I'm wondering whether or not the front stoop of my building qualifies as an area in violation of this ordinance. Of particular interest would be the following portions:

*"upon any public way"*

_I would argue that a front stoop would not qualify as a "public way" as it is deeded to me, the property owner, not the City of Boston._

*"upon any way to which the public has right of access"*

_I would argue that the public does not have right of access. While members of the public may have access, typically unfettered, they do not have a right to access._

*"in any place to which members of the public have access as invitees or licensees"*

_This is the one that is most puzzling to me. Wouldn't anywhere qualify under this portion of the ordinance? If I have a dinner party, the people I have invited clearly have access as invitees. With this broad reading, this one line would essentially establish 18th Amendment-style prohibition within the city limits. I assume this interpretation must be incorrect, but I'd like an explanation of why._

*" on private land or place without consent of the owner or person in control thereof."*

_Would I be correct to assume that my lessees are considered "person in control thereof"?_


----------



## Eagle13

Fail. This came up on here a while ago...:beer_yum:
http://www.masscops.com/f50/drinking-public-violation-73712/http://www.masscops.com/f50/drinking-public-view-83128/


----------



## NewOwner

I'm sorry, but neither of those threads offer the clarification for which I'm looking. Also, both are full of flaming and questioning the original poster's story.


----------



## Tuna

Holy Shitstorm Batman
View attachment 2928


----------



## NewOwner

Eagle13 said:


> Fail. This came up on here a while ago...:beer_yum:
> drinking-public-violation-73712/
> drinking-public-view-83128/


I have read both of those threads, among others relating to drinking in public in Boston. The two you cited and most others are rife with flaming and questioning of the original poster's story.
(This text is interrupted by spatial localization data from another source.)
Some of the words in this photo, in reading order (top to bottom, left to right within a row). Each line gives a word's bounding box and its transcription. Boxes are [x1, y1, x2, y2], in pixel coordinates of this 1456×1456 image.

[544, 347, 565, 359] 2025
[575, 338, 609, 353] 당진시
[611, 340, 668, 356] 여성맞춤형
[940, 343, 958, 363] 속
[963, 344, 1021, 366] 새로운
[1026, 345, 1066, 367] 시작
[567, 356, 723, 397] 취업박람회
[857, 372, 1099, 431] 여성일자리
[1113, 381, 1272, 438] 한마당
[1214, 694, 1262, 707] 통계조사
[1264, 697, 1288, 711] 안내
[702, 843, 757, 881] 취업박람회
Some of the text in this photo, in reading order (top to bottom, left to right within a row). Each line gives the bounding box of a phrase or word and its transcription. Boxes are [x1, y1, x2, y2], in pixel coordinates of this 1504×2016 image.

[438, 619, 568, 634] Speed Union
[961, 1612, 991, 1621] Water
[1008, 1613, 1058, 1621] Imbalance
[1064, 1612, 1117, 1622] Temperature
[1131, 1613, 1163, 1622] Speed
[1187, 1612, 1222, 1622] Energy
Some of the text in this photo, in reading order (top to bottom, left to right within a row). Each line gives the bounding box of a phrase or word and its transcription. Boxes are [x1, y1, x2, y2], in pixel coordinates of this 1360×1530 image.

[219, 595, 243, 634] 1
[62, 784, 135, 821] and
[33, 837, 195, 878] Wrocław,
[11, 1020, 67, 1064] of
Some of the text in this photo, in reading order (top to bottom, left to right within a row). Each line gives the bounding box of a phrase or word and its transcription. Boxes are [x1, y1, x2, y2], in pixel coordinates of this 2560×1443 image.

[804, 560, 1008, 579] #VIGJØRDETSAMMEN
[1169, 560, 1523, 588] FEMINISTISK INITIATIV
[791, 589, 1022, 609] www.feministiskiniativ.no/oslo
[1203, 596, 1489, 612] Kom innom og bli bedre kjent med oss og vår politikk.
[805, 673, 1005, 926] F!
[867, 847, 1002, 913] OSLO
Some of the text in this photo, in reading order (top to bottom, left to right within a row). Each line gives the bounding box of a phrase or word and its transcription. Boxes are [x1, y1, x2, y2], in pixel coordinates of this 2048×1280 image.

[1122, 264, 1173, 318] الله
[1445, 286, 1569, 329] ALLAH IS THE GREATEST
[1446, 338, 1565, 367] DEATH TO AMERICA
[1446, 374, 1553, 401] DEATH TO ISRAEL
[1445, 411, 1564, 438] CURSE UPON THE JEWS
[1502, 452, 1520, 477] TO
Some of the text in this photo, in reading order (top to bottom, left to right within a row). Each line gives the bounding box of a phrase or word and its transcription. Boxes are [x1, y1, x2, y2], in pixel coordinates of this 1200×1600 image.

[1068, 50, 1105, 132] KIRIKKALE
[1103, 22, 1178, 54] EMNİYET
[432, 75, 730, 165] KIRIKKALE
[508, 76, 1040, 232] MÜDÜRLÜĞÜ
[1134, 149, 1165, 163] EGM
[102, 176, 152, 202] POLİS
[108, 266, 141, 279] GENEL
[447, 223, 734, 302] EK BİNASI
More importantly, none of the threads I've seen have answers to the questions I have asked.


----------



## csauce777

NewOwner said:


> I'm in my late 20s and recently bought a duplex that I will also be renting out. I don't plan on throwing crazy parties or allowing my renters to do so, but I would like some clarification on the definitions used in this ordinance for myself and my renters so that none of us may get a $200 fine unnecessarily.
> 
> I'm wondering whether or not the front stoop of my building qualifies as an area in violation of this ordinance. Of particular interest would be the following portions:
> 
> *"upon any public way"*
> 
> _I would argue that a front stoop would not qualify as a "public way" as it is deeded to me, the property owner, not the City of Boston._
> 
> *"upon any way to which the public has right of access"*
> 
> _I would argue that the public does not have right of access. While members of the public may have access, typically unfettered, they do not have a right to access._
> 
> *"in any place to which members of the public have access as invitees or licensees"*
> 
> _This is the one that is most puzzling to me. Wouldn't anywhere qualify under this portion of the ordinance? If I have a dinner party, the people I have invited clearly have access as invitees. With this broad reading, this one line would essentially establish 18th Amendment-style prohibition within the city limits. I assume this interpretation must be incorrect, but I'd like an explanation of why._
> 
> *" on private land or place without consent of the owner or person in control thereof."*
> 
> _Would I be correct to assume that my lessees are considered "person in control thereof"?_




Dude...if this is a fancy way to ask if you can sit on your front steps and enjoy a frosty beer, the answer is yes. The citation comes into play if you decide to walk down the street or hop in your yuppy-mobile and take a cruise with said brew in hand. As for your tenants, the answer is the same.


----------



## justanotherparatrooper

Just because you are able to do something doesnt mean its a good idea...


----------



## NewOwner

csauce777 said:


> Dude...if this is a fancy way to ask if you can sit on your front steps and enjoy a frosty beer, the answer is yes. The citation comes into play if you decide to walk down the street or hop in your yuppy-mobile and take a cruise with said brew in hand. As for your tenants, the answer is the same.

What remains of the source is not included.